I couldn’t stop biting my fingers the first time I went to CAPS. It’s a nervous habit I’ve had for as long as I can remember. I pick at the skin around my nails when I do my homework, send an important text, prepare for an interview—anything that makes me stressed, anxious, or afraid of failure. 

Going to CAPS for the first time last fall made me feel all three. As I sat in the lobby surrounded by stress balls and tissue boxes, waiting to be called for my intake appointment, I felt like I’d failed college. 

“Chelsey?” I turned in my seat and saw my counselor waving at me. I followed him down the hallways and into his office, where he asked me to take a seat and answer some brief questions: name, year, major, home, family history. Then he asked me why I came to CAPS, and, to my surprise, I started crying.

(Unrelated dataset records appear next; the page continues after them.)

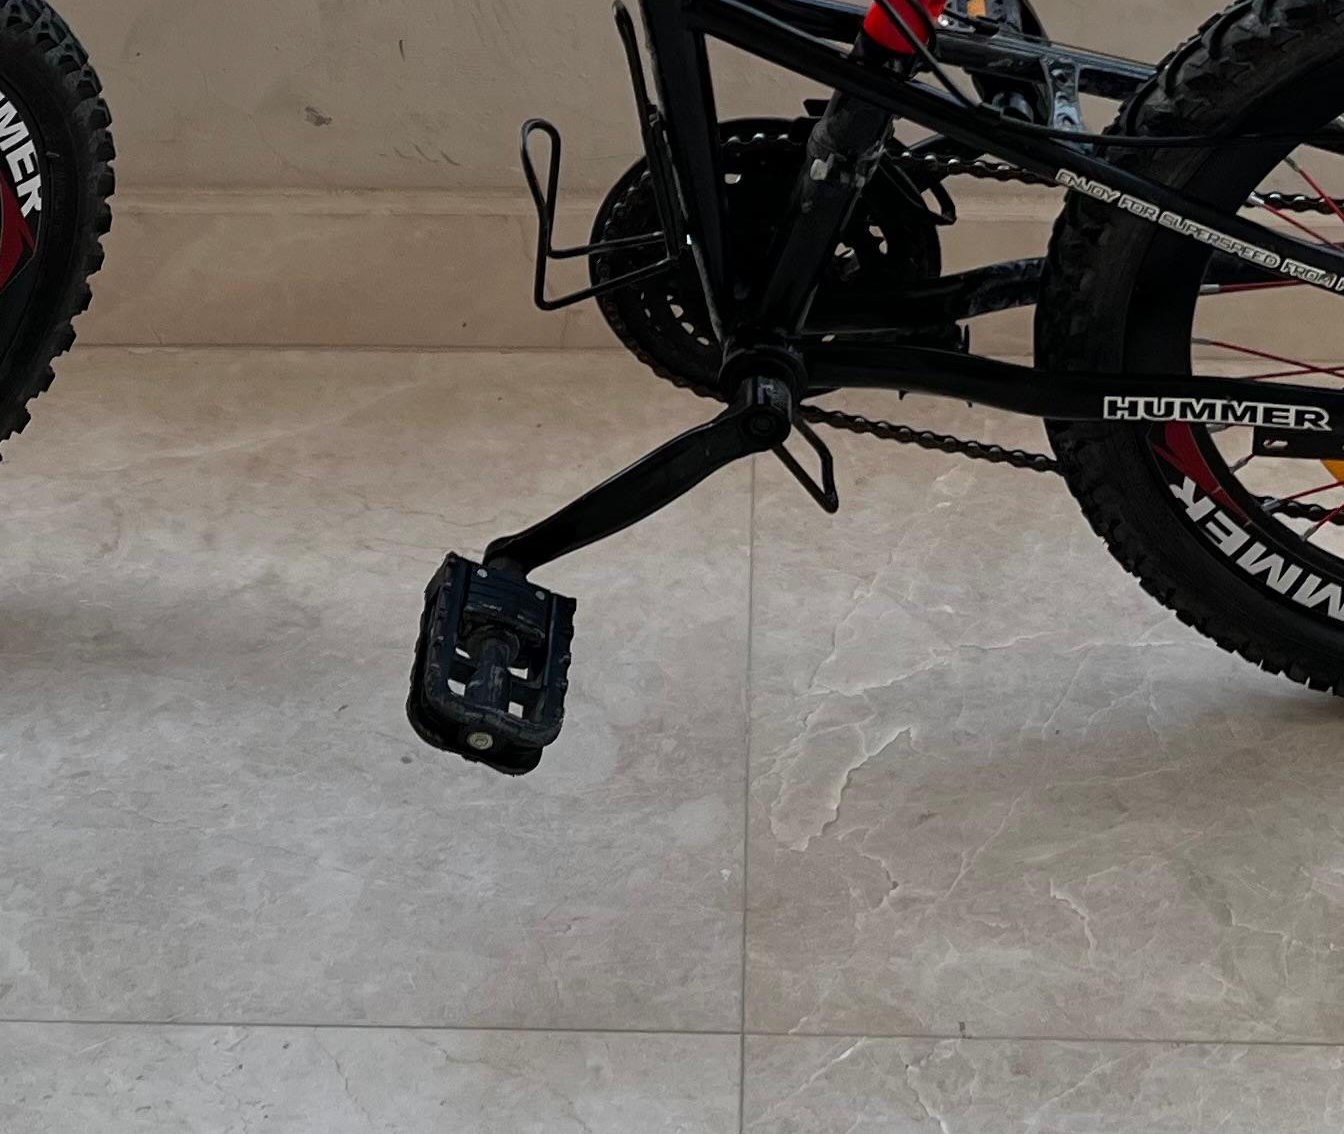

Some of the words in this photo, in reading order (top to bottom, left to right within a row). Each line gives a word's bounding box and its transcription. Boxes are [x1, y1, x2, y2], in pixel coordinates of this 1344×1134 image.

[1055, 168, 1121, 203] ENJOY
[1117, 193, 1161, 222] FOR
[1157, 211, 1281, 269] SUPERSPEED
[1280, 258, 1338, 289] FROM
[1103, 396, 1333, 431] HUMMER

My hometown and friends I’d known for half my life were hundreds of miles away. After more than a year, I was still struggling with adjusting socially to Penn, even though it seemed like everybody else had already figured it out. I didn’t know how to balance school, work, and relationships. And despite having loving friends on campus, I felt incredibly lonely. 

My counselor recommended group therapy. I wanted to say no at first. I already felt so embarrassed talking about my problems to one person, and thinking about opening up to even more strangers terrified me. 

But group therapy turned out to be exactly what I needed to confront my issues with relationships and self-esteem. Sitting down with the same seven people every week gave me a comforting routine, time to reflect on my emotions, and practice with supporting others in their struggles. I gained a lot from group, but the most powerful for me was the feeling of being less alone. 

CAPS has three different types of groups for students: workshops, support groups, and interpersonal growth groups (IGG). Workshops, which can range from a one-time meeting to a series over several weeks, coach students on developing skills to promote academic success, mindfulness, and overall wellness. Support groups run for the entire semester and focus on specific issues like grief or body image. IGGs, which also last for the entire semester, explore how each person interacts socially and discuss ways to improve personal relationships, allowing students to use the group as a safe space to practice connecting with others. 

Although all groups feature “some degree of sharing,” according to Michele Downie, group coordinator at CAPS, support groups and IGGs differ in goals and structure from workshops.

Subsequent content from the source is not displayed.